Wahrnehmungsfilter und dessen Bedeutung im Führungsalltag

Wie viele von den 4 Mrd. Reizen pro Sekunde, die auf jeden von uns einprasseln, nehmen Sie wahr? Wie wird das entschieden? Und anhand welcher Kriterien? Und was hat das mit Ihrer Führungsarbeit zu tun?

Gar nicht wenig. Wir halten den reflektierten Umgang mit Ihrem individuellen Wahrnehmungsfilter für elementares Wissen für Ihre Führungspraxis.
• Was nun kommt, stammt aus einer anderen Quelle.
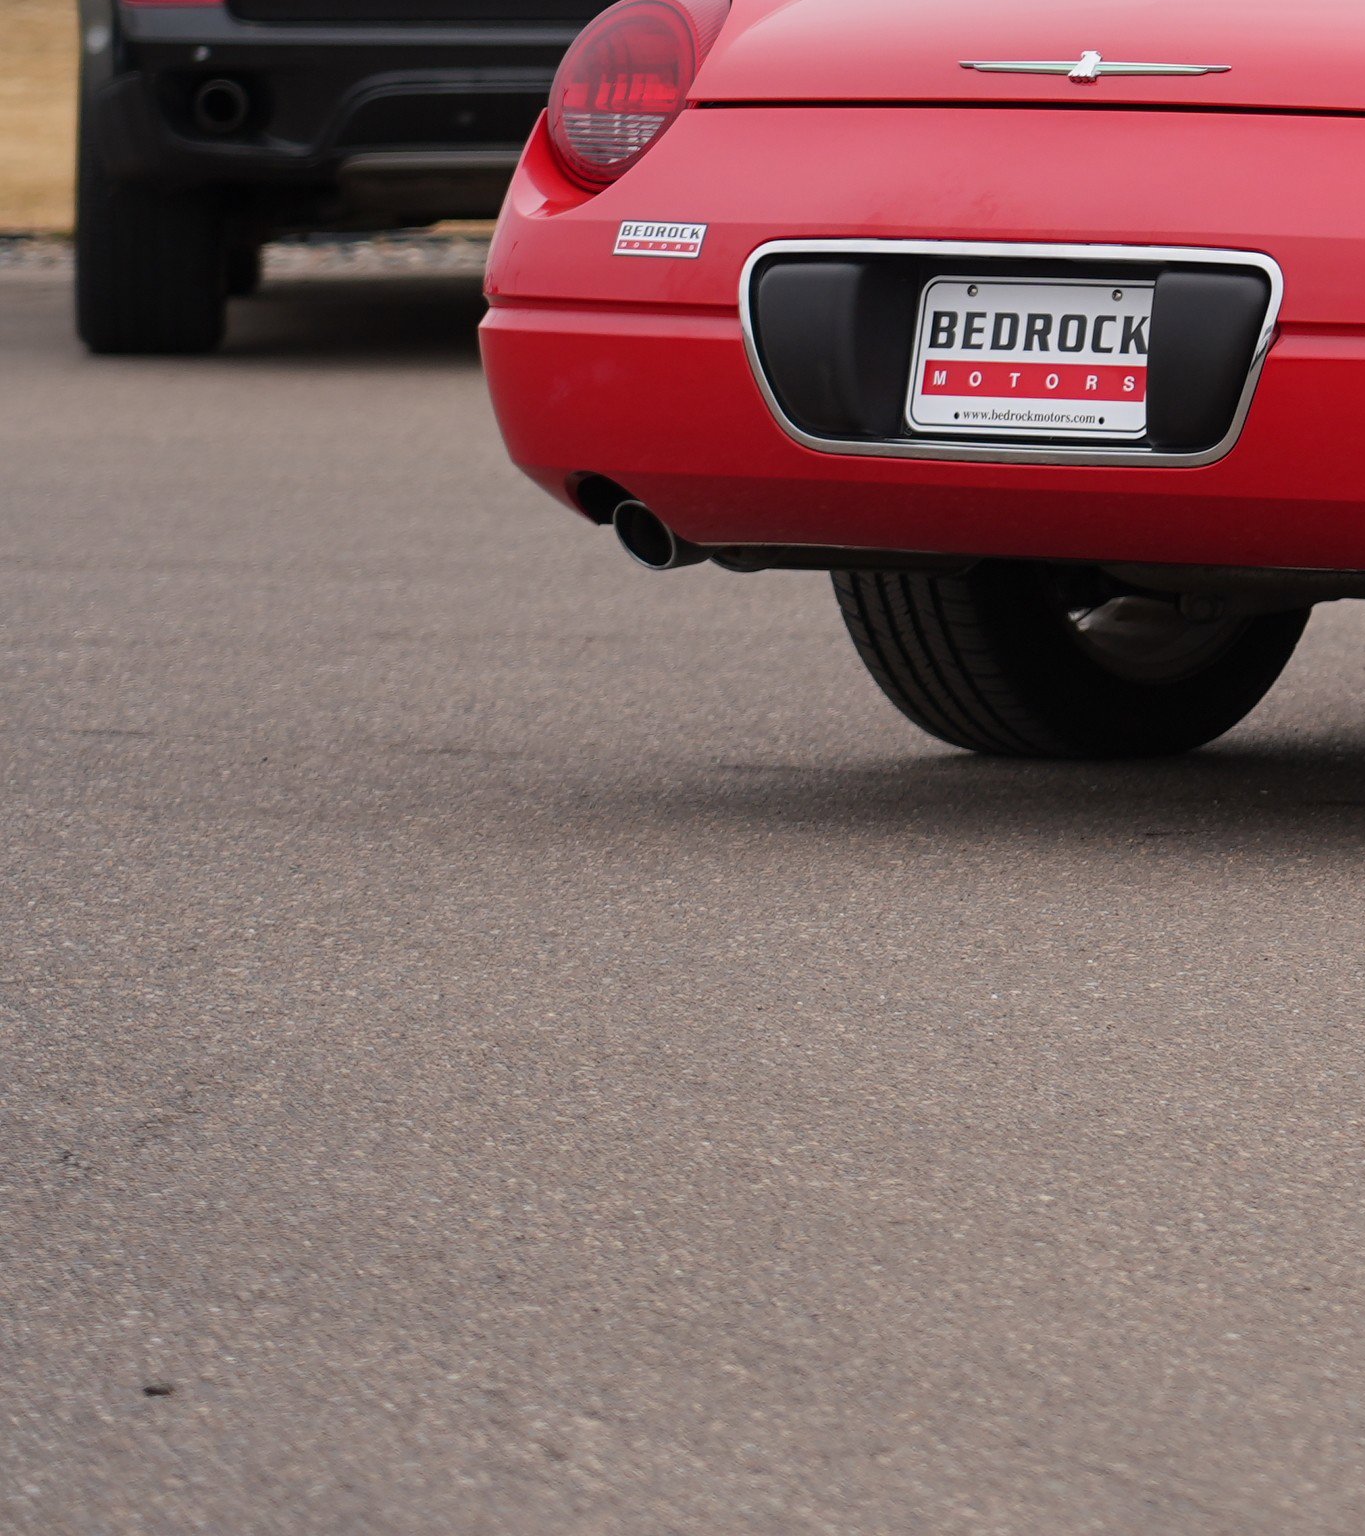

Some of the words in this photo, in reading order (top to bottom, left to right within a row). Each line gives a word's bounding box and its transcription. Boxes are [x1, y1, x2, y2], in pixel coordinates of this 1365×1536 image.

Die Art, wie Sie wahrnehmen steuert Ihre Entscheidungen und Ihren Blick auf Situationen in der Zusammenarbeit. Konflikte beruhen oftmals darauf, dass wir unterschiedliche Erwartungen an Situationen und auch unterschiedliche Wirklichkeitskonstruktionen haben. Jeder denkt  für sich, dass das, was er sieht, auch sein Gegenüber so sehen muss. Prallen diese unterschiedlichen Wirklichkeiten aufeinander, kann es zu  Handlungen kommen, die das Gegenüber möglicherweise missinterpretiert. Auch in politisch so aufgeheizten Zeiten sollten wir nicht die Unterschiedlichkeit unserer mentalen Landkarten vergessen, die aufgrund unserer bewusst und unbewusst gesetzten Filter entstehen.

Was wir wahrnehmen wird durch unser bisheriges Leben geprägt. Unsere Erfahrungen entscheiden, welche Bedeutungen wir den wahrgenommenen Reizen geben und auch welche Annahmen wir treffen und Schlussfolgerungen wir daraus ziehen. Das alles passiert in Bruchteilen von Sekunden in unserem Gehirn. Von außen zu beobachten ist jedoch nur unsere Handlung, die als Resultat dieses Filter- und Konstruktionsprozesses, sichtbar wird.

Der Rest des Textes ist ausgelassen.